Dizi, Gadd’ın Edinburgh Fringe Festivali’ndeki otobiyografik tek kişilik gösterisine dayanıyor. Yani Gadd Donny’de kendisinin kurgulanmış bir versiyonunu canlandırıyor. İskoç komedyen gerçekten de 20’li yaşlarının başında, Martha gibi e-postalarını ve sosyal medyasını cinsel içerikli ve zaman zaman tehditkar mesajlarla dolduran bir kadın tarafından takip edilmiş.
Dizide Donny, polise gidip aldığı mesajları kanıt olarak sunduğunda, polis ona fazla bir şey yapılamayacağını çünkü mesajların görünürde tehdit edici olmadığını söylüyor. Ayrıca faili ihbar etmesinin neden bu kadar uzun sürdüğü sorgulanıyor. (Donny’nin bir erkek, musallatının ise bir kadın olması, erkek mağdurların kadınlarla aynı ciddiyetle ele alınmamasına yol açıyor. Araştırmalar da ciddiye alınmama ya da inanılmama korkusu nedeniyle, mağdurların ihbarda bulunma konusunda yavaş davrandıklarını gösteriyor).
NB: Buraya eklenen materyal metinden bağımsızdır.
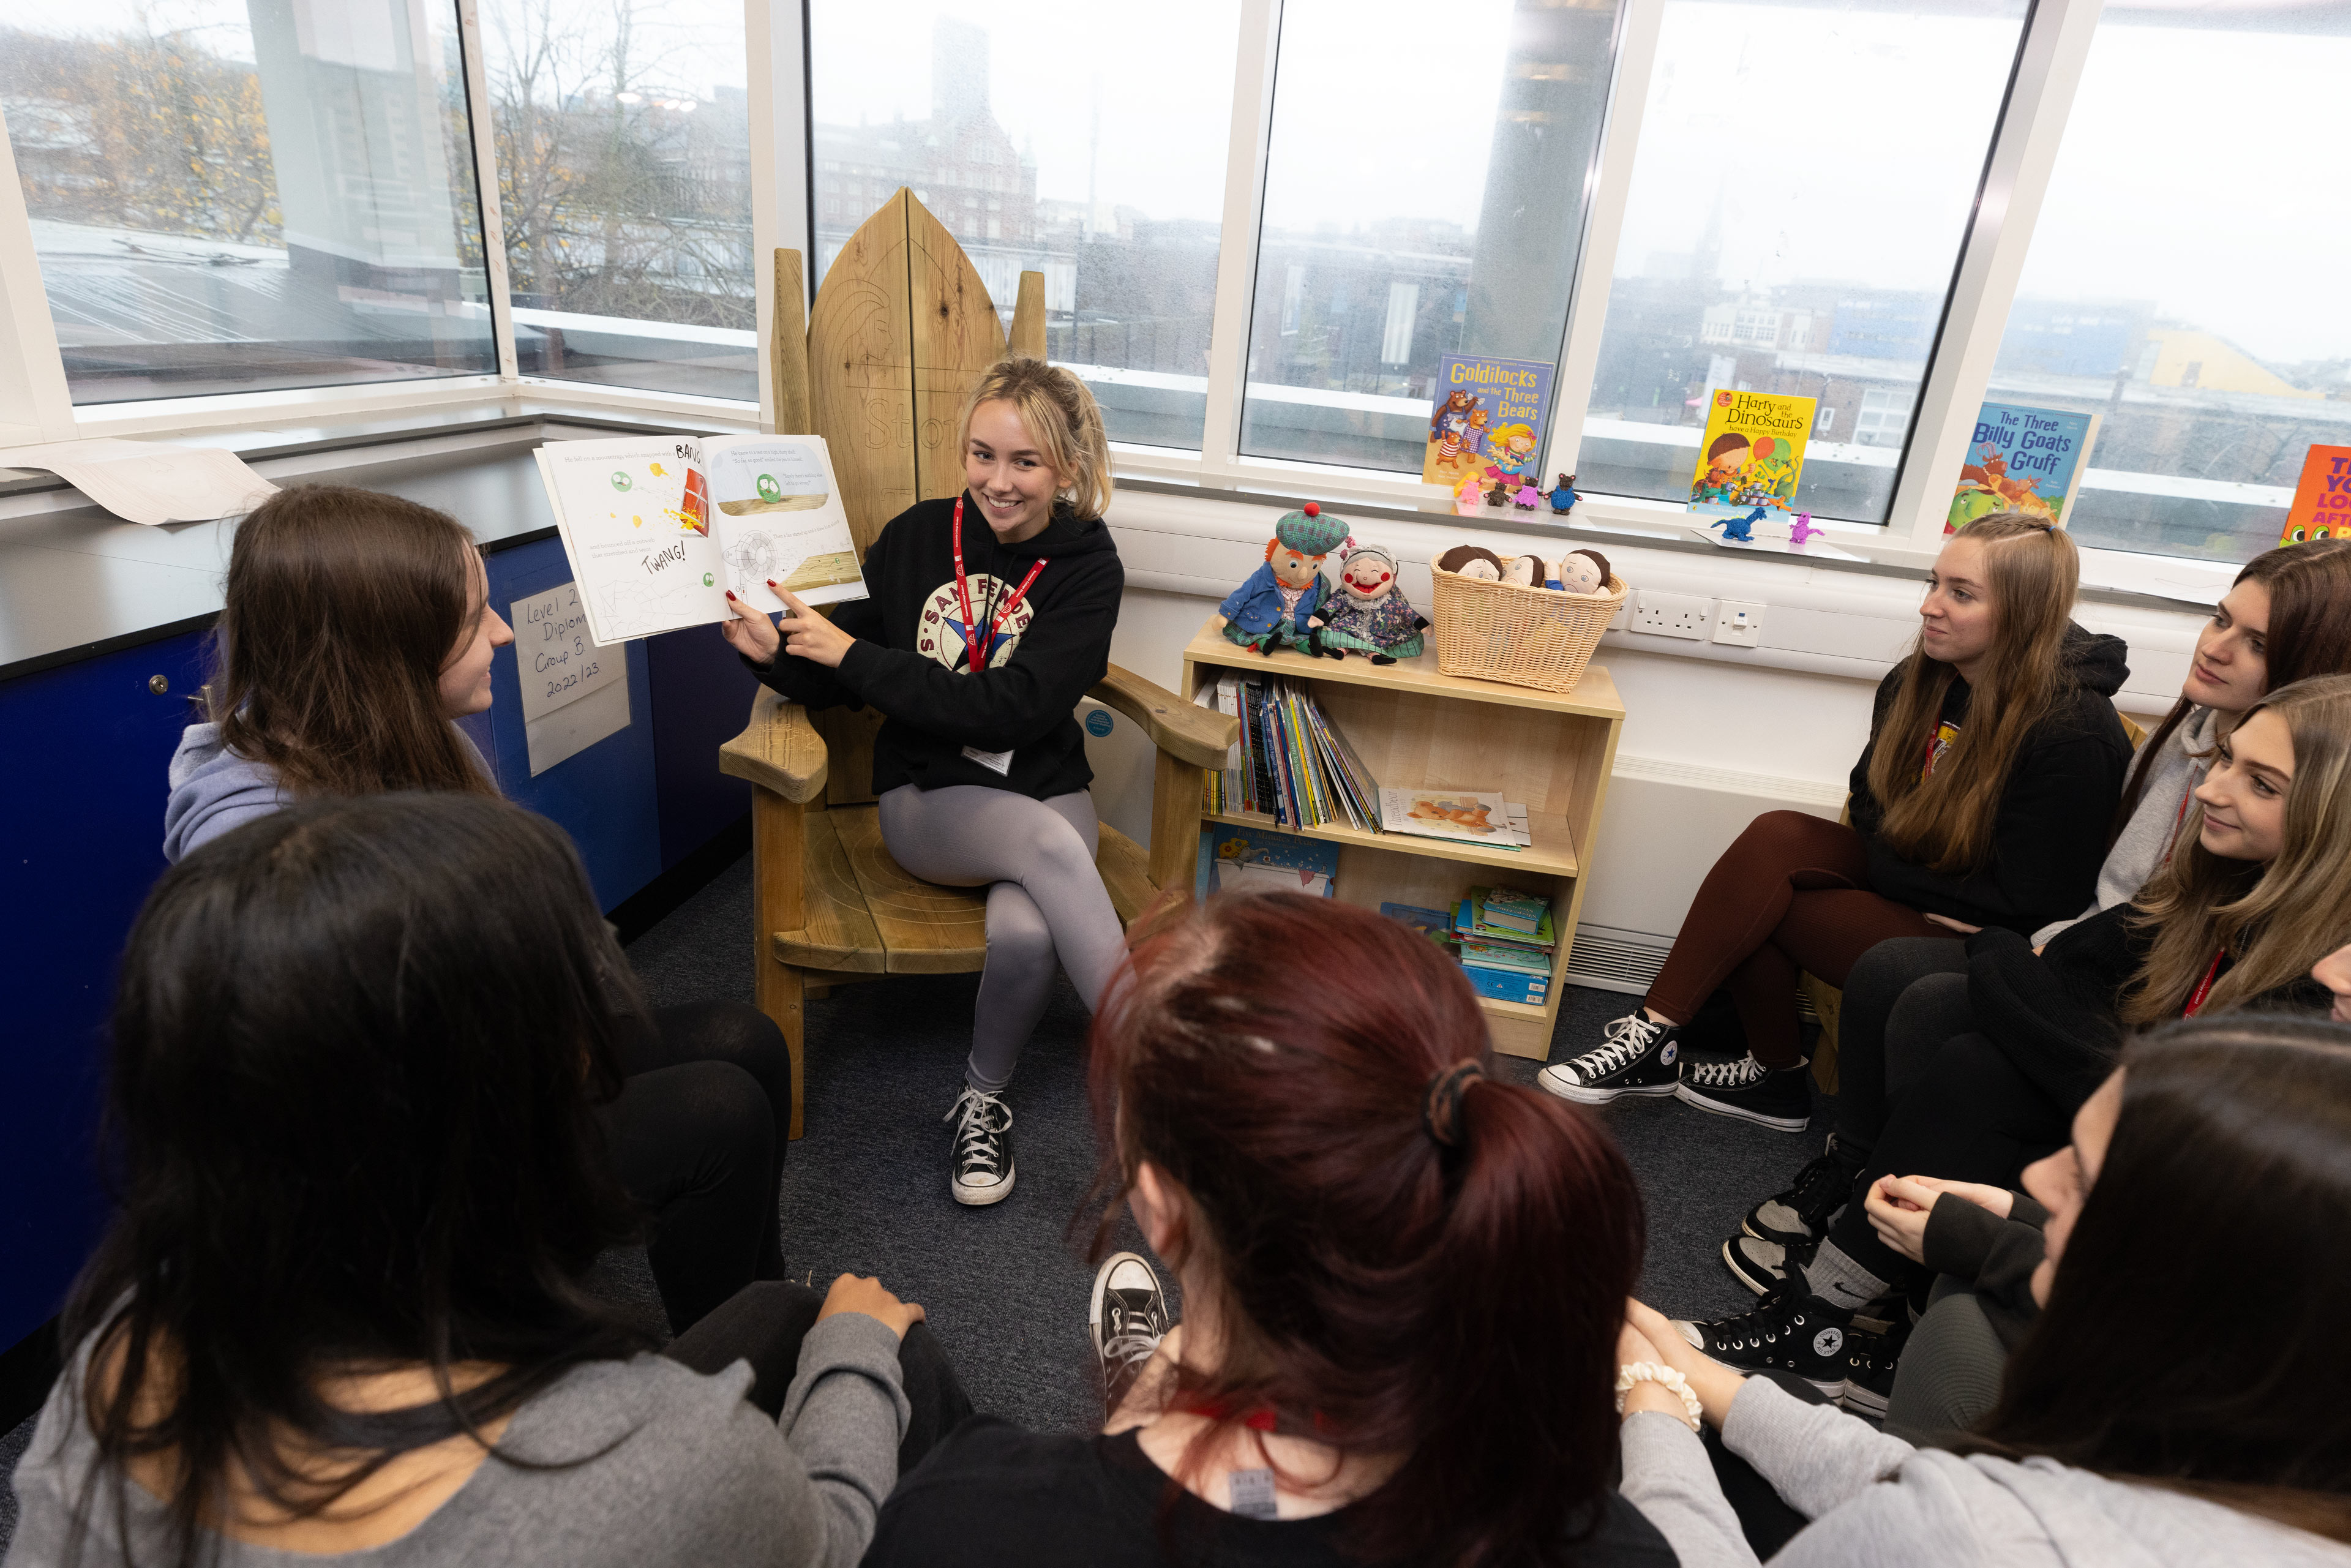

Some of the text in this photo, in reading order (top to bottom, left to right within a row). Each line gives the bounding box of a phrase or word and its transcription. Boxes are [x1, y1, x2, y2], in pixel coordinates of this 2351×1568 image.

İnternet üzerinden biri tarafından takip edilmeyi deneyimlemiş kişiler için Donny’nin dizide hissettiği acizlik ve hayal kırıklığı fazlasıyla gerçek. Siber takip, şahsen takipten daha sık gerçekleşiyor artık.
Austin, Teksas’ta yaşayan terapist Ashley McMann yıllar önce internet üzerinden takip edilmiş. Dizideki Donny gibi McMann da polisi musallatının ciddi bir tehdit oluşturduğuna ikna etmekte zorlanmış.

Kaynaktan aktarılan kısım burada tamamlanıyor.